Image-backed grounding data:
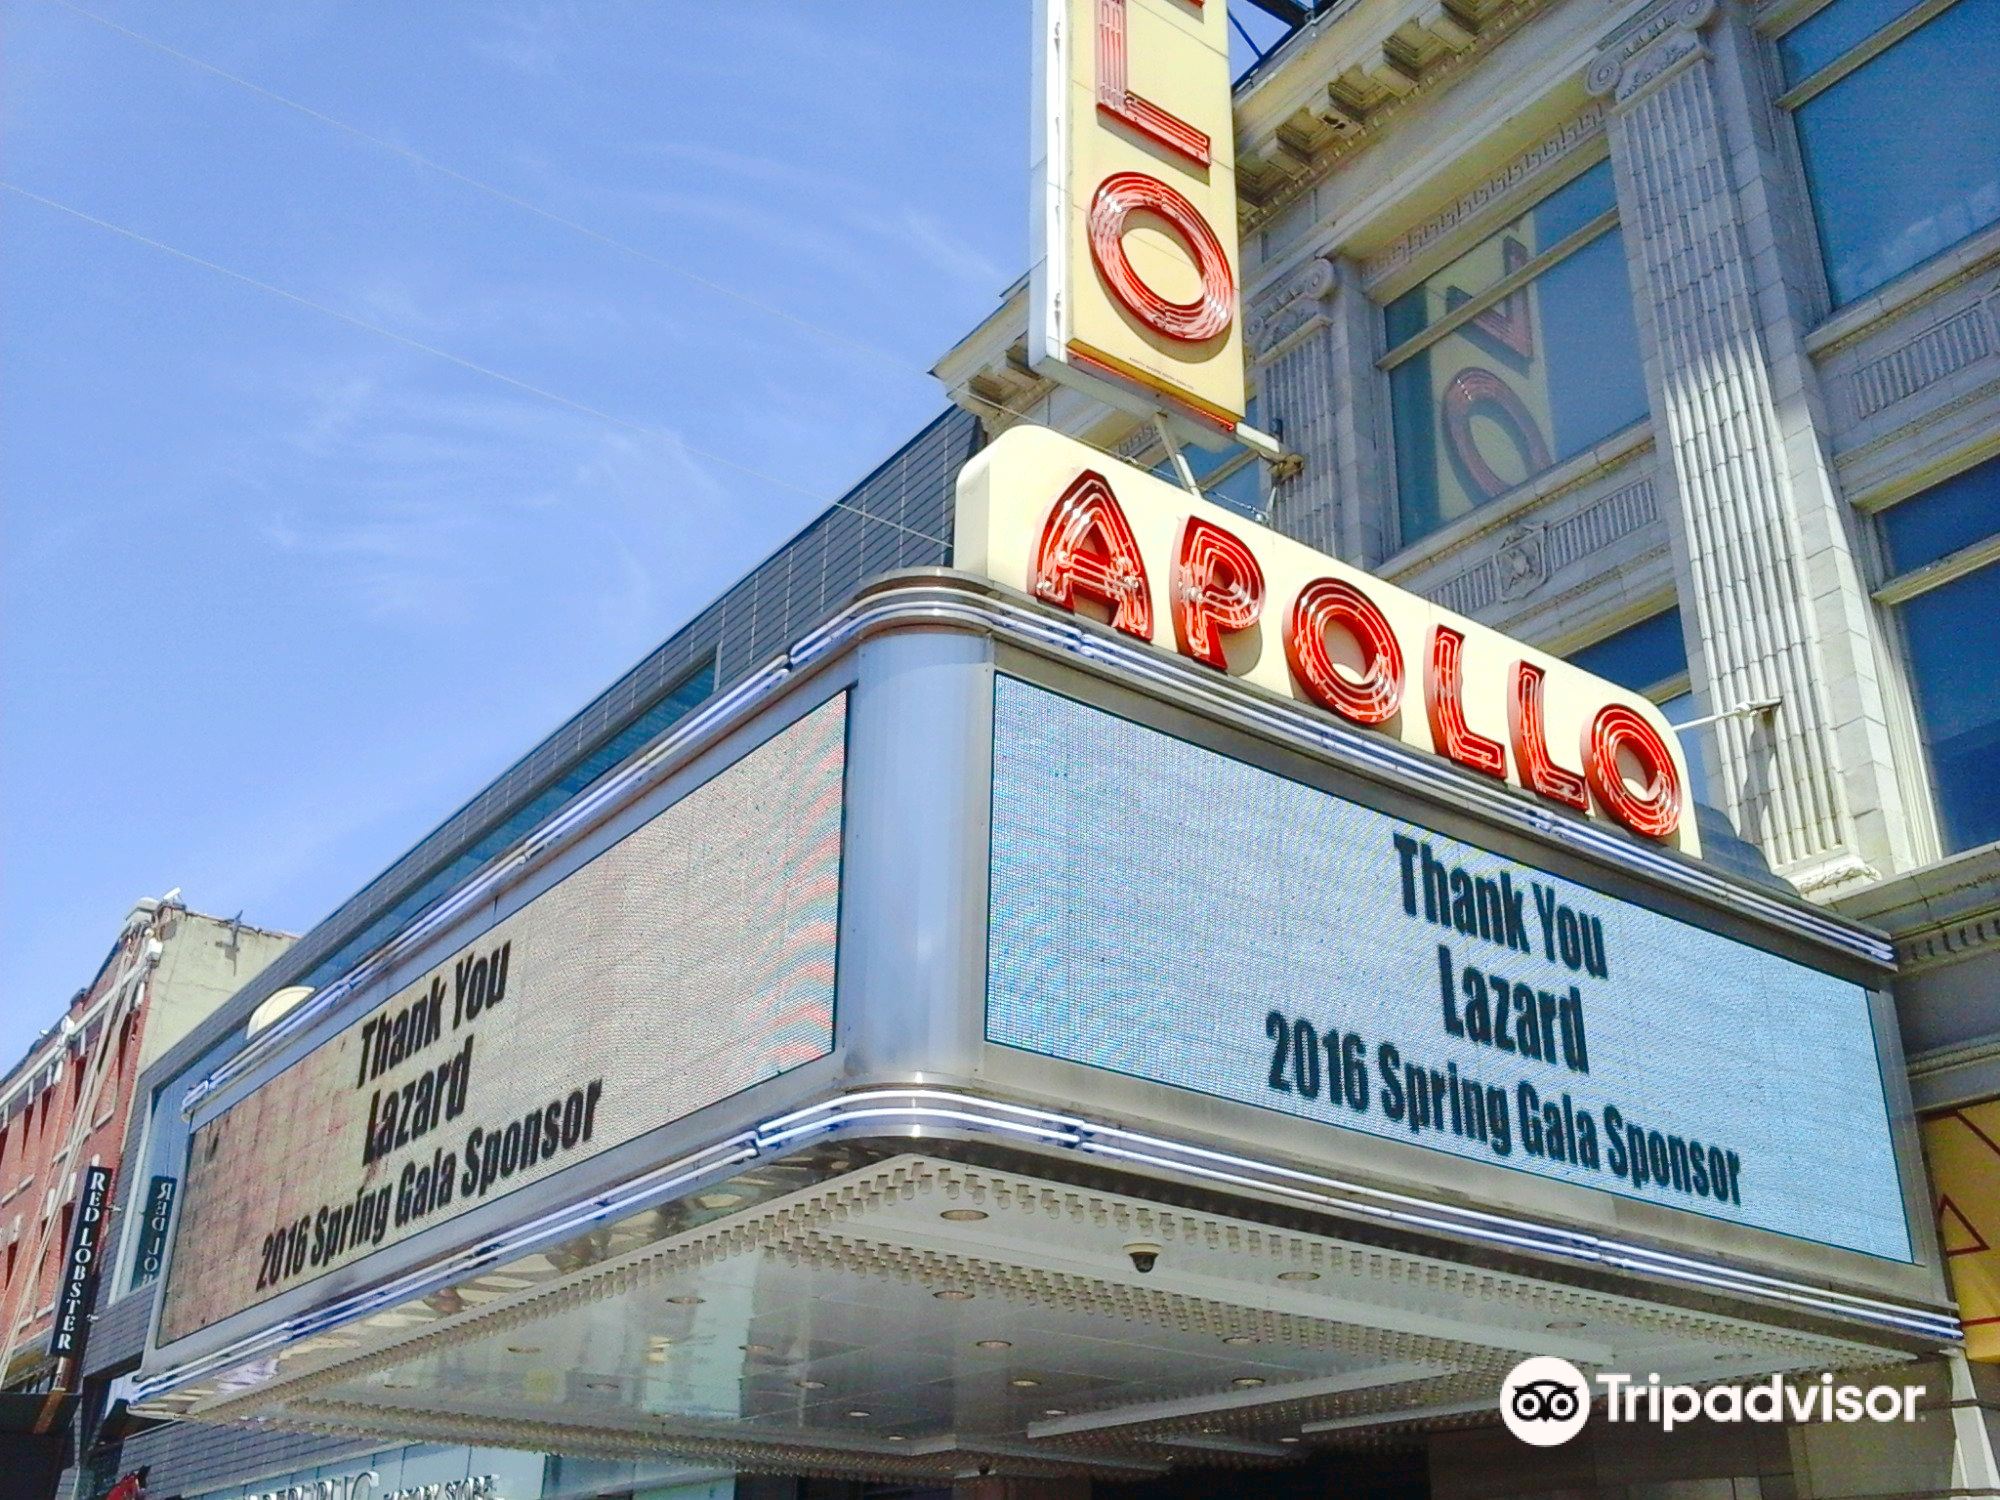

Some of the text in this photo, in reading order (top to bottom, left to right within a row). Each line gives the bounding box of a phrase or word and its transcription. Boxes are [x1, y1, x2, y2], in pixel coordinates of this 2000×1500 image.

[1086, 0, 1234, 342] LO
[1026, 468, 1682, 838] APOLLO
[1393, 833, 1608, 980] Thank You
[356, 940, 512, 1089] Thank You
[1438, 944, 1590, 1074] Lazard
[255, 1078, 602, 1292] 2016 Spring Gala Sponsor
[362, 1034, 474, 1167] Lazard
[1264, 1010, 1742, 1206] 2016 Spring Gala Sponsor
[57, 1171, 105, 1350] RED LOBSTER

INSTRUCTIONS FOR THE TASK:
All of the entries above should be duplicated exactly, except for the pictures.

ANSWER AREA:
Some of the text in this photo, in reading order (top to bottom, left to right within a row). Each line gives the bounding box of a phrase or word and its transcription. Boxes are [x1, y1, x2, y2], in pixel coordinates of this 2000×1500 image.

[1086, 0, 1234, 342] LO
[1026, 468, 1682, 838] APOLLO
[1393, 833, 1608, 980] Thank You
[356, 940, 512, 1089] Thank You
[1438, 944, 1590, 1074] Lazard
[255, 1078, 602, 1292] 2016 Spring Gala Sponsor
[362, 1034, 474, 1167] Lazard
[1264, 1010, 1742, 1206] 2016 Spring Gala Sponsor
[57, 1171, 105, 1350] RED LOBSTER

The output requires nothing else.